Когда мужчины перекрикивались и передавали друг другу новости по-чеченски, именно она конспиративным шепотом объясняла заложникам, что происходит: «Ждем представителя президента» или «Будут предприняты радикальные шаги». И это именно она, когда ее спросили, как они добрались в Москву, ответила серьезно, хоть, скорее всего, это была шутка: «Мы шли по лесам двадцать один день». Это она упоминала, что они были на многих мюзиклах в разных театрах.
- Она говорила: «Сколько мы этих мюзиклов обошли, и на «Чикаго» были, и здесь были несколько раз, и потом решили, что придем сюда», - вспоминает Филиппова. - И правда, она не выдумывала. Знала всех актеров, спрашивала, куда делась Катя Татаринова, конечно же актриса, которая ее играла. Она приставала с этим вопросом к Андрею Богданову, игравшему главную роль, но он ей ничего не сказал, пожал только плечами.
Филиппова вспоминает, что женщины были разные. Была одна девушка, которая, казалось, летала как на крыльях. Она была одухотворенной, утонченной и доброй, всем помогала. Были женщины, напоминавшие монашек. Всегда помнили, когда кто-то просил воды или разрешения пойти в туалет. Говорили: «Сейчас нельзя, позже». Потом подходили сами и говорили: «Идите». Но были там и другие. Одна из них, как рассказывает Филиппова, ходила в грубом, связанном на спицах свитере, похожем на мужской, слишком большом на нее. Поверх свитера чеченка затянула широкий кожаный ремень с взрывным устройством. Сидела со злым, напряженным лицом, мыслями где-то далеко, отрешившись от происходящего в зале.
- Видно было, что она исполняет миссию, и не усомнится, если ей придется себя взорвать, - говорит Филиппова. - У некоторых женщин были абсолютно пустые, ничего не выражающие лица. Их ничем нельзя было тронуть.

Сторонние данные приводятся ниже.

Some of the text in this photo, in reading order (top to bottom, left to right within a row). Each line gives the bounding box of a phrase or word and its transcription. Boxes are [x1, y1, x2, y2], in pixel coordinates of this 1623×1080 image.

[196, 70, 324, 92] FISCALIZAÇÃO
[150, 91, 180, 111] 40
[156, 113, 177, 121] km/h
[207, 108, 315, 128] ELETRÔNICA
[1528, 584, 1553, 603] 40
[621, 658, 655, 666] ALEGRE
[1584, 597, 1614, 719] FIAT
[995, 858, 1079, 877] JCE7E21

Были, наконец, и такие, которые относились к ситуации в театре, как к игре. Для них это было приключение, риск. Я только потом поняла, что в партере сидели самые суровые из чеченок, на балконе дисциплина была значительно мягче.

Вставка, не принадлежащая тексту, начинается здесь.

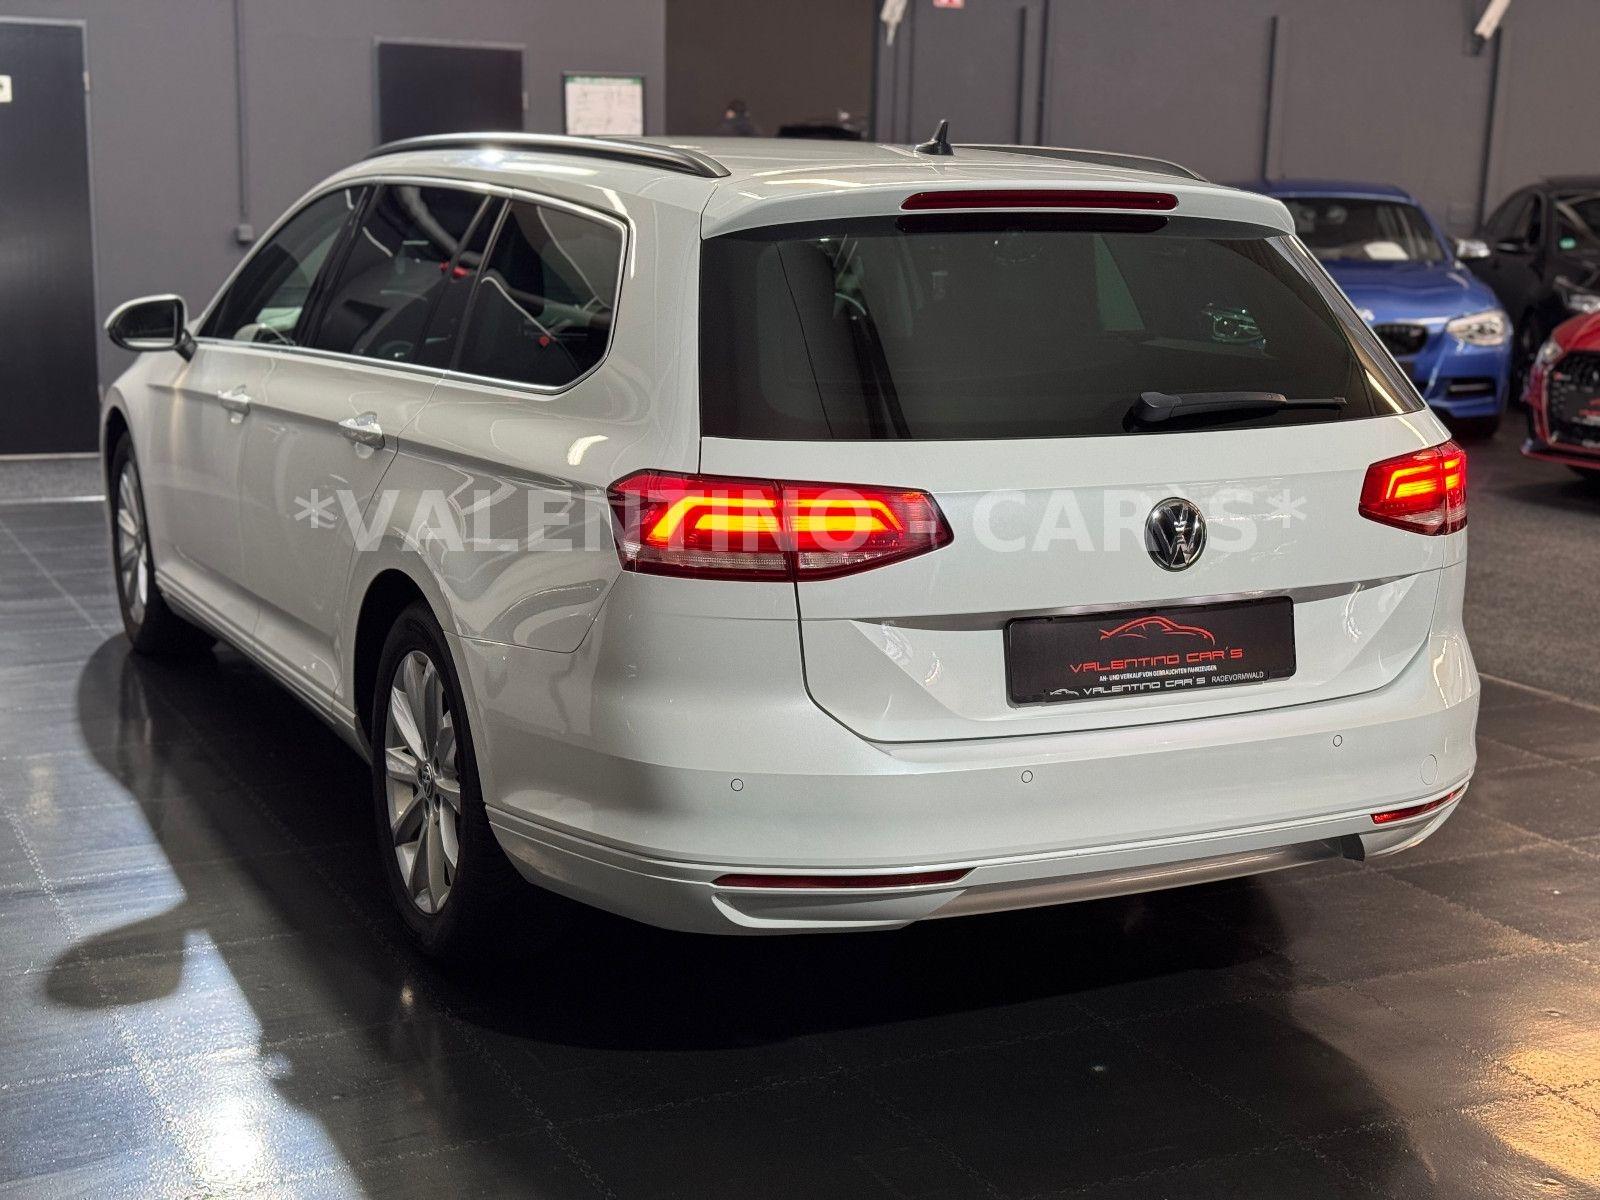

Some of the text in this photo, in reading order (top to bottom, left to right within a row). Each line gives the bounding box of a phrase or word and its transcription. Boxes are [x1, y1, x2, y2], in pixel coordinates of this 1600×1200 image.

[1069, 654, 1180, 673] VALENTINO
[1083, 681, 1161, 696] VALENTINO
[1211, 671, 1265, 684] RADEVORMWALD
[1120, 671, 1142, 680] VERKAUF
[1142, 670, 1153, 678] VON
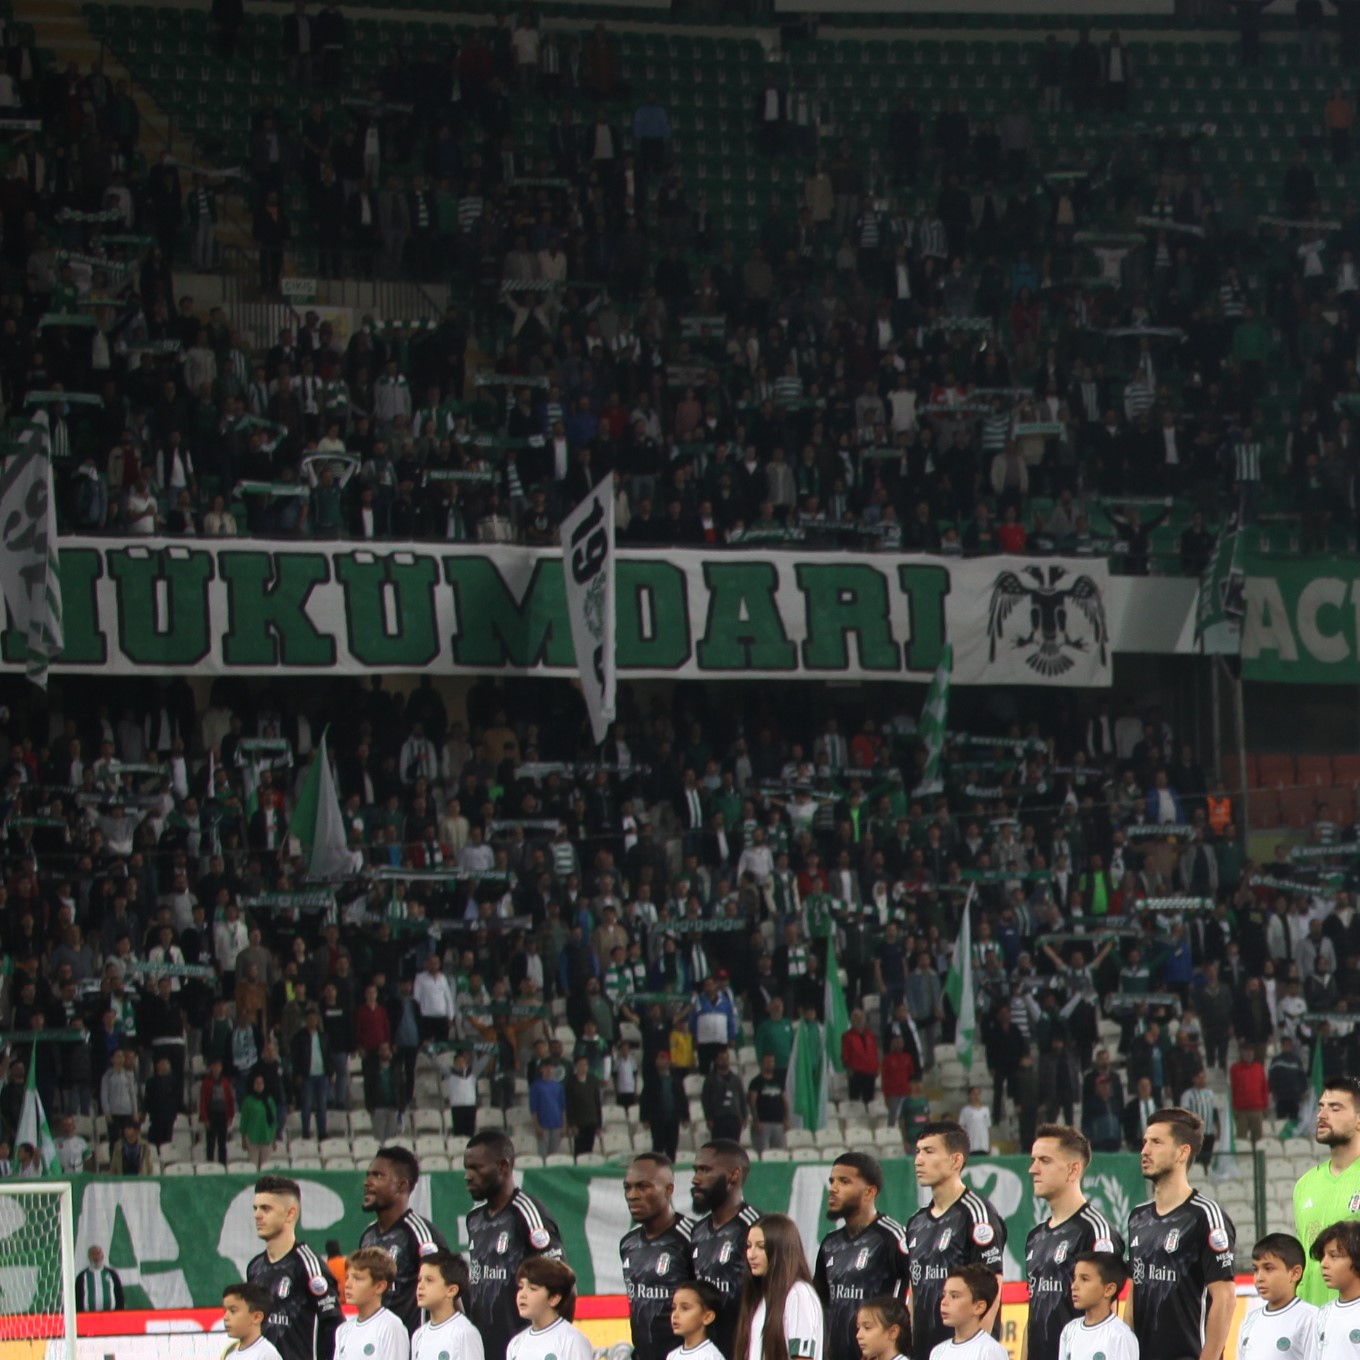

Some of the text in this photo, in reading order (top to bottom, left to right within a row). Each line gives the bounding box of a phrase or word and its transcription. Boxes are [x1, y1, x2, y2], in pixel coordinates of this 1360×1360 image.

[483, 1265, 507, 1280] Rain
[925, 1265, 948, 1281] Rain
[1149, 1264, 1176, 1282] Rain
[836, 1284, 864, 1300] Rain

- Женщина в мужском свитере оживилась только однажды. Одна из заложниц пыталась ее как-то смягчить, попросила о помощи. Сказала, что она не русская, что она с Украины. И чеченка вдруг сказала: «В Киеве много наших сестер, у нас там сильная организация, там много наших девушек», - цитирует Филиппова. - Сказала даже: «У нас там крупный отряд» - и сообщила, сколько в нем людей.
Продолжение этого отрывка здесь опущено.